#### ACTIVITY:
Each record beneath this line should be returned exactly as it is.

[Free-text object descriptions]
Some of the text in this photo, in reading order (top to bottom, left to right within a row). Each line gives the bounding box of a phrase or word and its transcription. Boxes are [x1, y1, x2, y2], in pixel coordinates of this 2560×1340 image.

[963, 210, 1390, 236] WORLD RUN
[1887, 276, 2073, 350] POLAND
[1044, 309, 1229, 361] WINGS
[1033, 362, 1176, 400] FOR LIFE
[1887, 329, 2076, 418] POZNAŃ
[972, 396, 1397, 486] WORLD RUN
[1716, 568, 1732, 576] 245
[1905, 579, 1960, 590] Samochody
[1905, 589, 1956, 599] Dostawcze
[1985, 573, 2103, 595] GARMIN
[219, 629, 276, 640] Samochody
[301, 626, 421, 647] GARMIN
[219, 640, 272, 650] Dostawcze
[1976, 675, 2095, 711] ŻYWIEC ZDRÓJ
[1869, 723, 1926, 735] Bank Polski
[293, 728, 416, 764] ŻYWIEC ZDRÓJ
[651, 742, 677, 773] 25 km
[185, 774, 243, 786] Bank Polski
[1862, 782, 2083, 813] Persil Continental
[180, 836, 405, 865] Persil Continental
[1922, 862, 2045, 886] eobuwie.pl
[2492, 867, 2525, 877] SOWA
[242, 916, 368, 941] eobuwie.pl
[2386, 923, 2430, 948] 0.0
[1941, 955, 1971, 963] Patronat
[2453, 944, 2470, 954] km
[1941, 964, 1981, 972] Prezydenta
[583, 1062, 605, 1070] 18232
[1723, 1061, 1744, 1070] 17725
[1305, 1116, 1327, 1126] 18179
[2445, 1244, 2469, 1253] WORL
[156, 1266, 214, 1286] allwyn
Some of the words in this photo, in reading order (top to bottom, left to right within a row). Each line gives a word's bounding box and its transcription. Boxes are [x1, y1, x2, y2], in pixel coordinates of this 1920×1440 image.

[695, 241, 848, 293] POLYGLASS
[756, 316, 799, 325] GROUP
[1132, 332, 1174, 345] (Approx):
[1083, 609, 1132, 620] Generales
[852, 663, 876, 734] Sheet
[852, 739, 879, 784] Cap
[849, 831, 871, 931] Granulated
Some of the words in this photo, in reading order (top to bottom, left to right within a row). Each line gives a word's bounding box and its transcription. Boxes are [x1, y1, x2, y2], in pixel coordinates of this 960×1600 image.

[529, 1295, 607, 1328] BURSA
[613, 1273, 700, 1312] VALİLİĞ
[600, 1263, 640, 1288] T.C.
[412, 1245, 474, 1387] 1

#### TASK SOLUTION:
Some of the text in this photo, in reading order (top to bottom, left to right within a row). Each line gives the bounding box of a phrase or word and its transcription. Boxes are [x1, y1, x2, y2], in pixel coordinates of this 2560×1340 image.

[963, 210, 1390, 236] WORLD RUN
[1887, 276, 2073, 350] POLAND
[1044, 309, 1229, 361] WINGS
[1033, 362, 1176, 400] FOR LIFE
[1887, 329, 2076, 418] POZNAŃ
[972, 396, 1397, 486] WORLD RUN
[1716, 568, 1732, 576] 245
[1905, 579, 1960, 590] Samochody
[1905, 589, 1956, 599] Dostawcze
[1985, 573, 2103, 595] GARMIN
[219, 629, 276, 640] Samochody
[301, 626, 421, 647] GARMIN
[219, 640, 272, 650] Dostawcze
[1976, 675, 2095, 711] ŻYWIEC ZDRÓJ
[1869, 723, 1926, 735] Bank Polski
[293, 728, 416, 764] ŻYWIEC ZDRÓJ
[651, 742, 677, 773] 25 km
[185, 774, 243, 786] Bank Polski
[1862, 782, 2083, 813] Persil Continental
[180, 836, 405, 865] Persil Continental
[1922, 862, 2045, 886] eobuwie.pl
[2492, 867, 2525, 877] SOWA
[242, 916, 368, 941] eobuwie.pl
[2386, 923, 2430, 948] 0.0
[1941, 955, 1971, 963] Patronat
[2453, 944, 2470, 954] km
[1941, 964, 1981, 972] Prezydenta
[583, 1062, 605, 1070] 18232
[1723, 1061, 1744, 1070] 17725
[1305, 1116, 1327, 1126] 18179
[2445, 1244, 2469, 1253] WORL
[156, 1266, 214, 1286] allwyn
Some of the words in this photo, in reading order (top to bottom, left to right within a row). Each line gives a word's bounding box and its transcription. Boxes are [x1, y1, x2, y2], in pixel coordinates of this 1920×1440 image.

[695, 241, 848, 293] POLYGLASS
[756, 316, 799, 325] GROUP
[1132, 332, 1174, 345] (Approx):
[1083, 609, 1132, 620] Generales
[852, 663, 876, 734] Sheet
[852, 739, 879, 784] Cap
[849, 831, 871, 931] Granulated
Some of the words in this photo, in reading order (top to bottom, left to right within a row). Each line gives a word's bounding box and its transcription. Boxes are [x1, y1, x2, y2], in pixel coordinates of this 960×1600 image.

[529, 1295, 607, 1328] BURSA
[613, 1273, 700, 1312] VALİLİĞ
[600, 1263, 640, 1288] T.C.
[412, 1245, 474, 1387] 1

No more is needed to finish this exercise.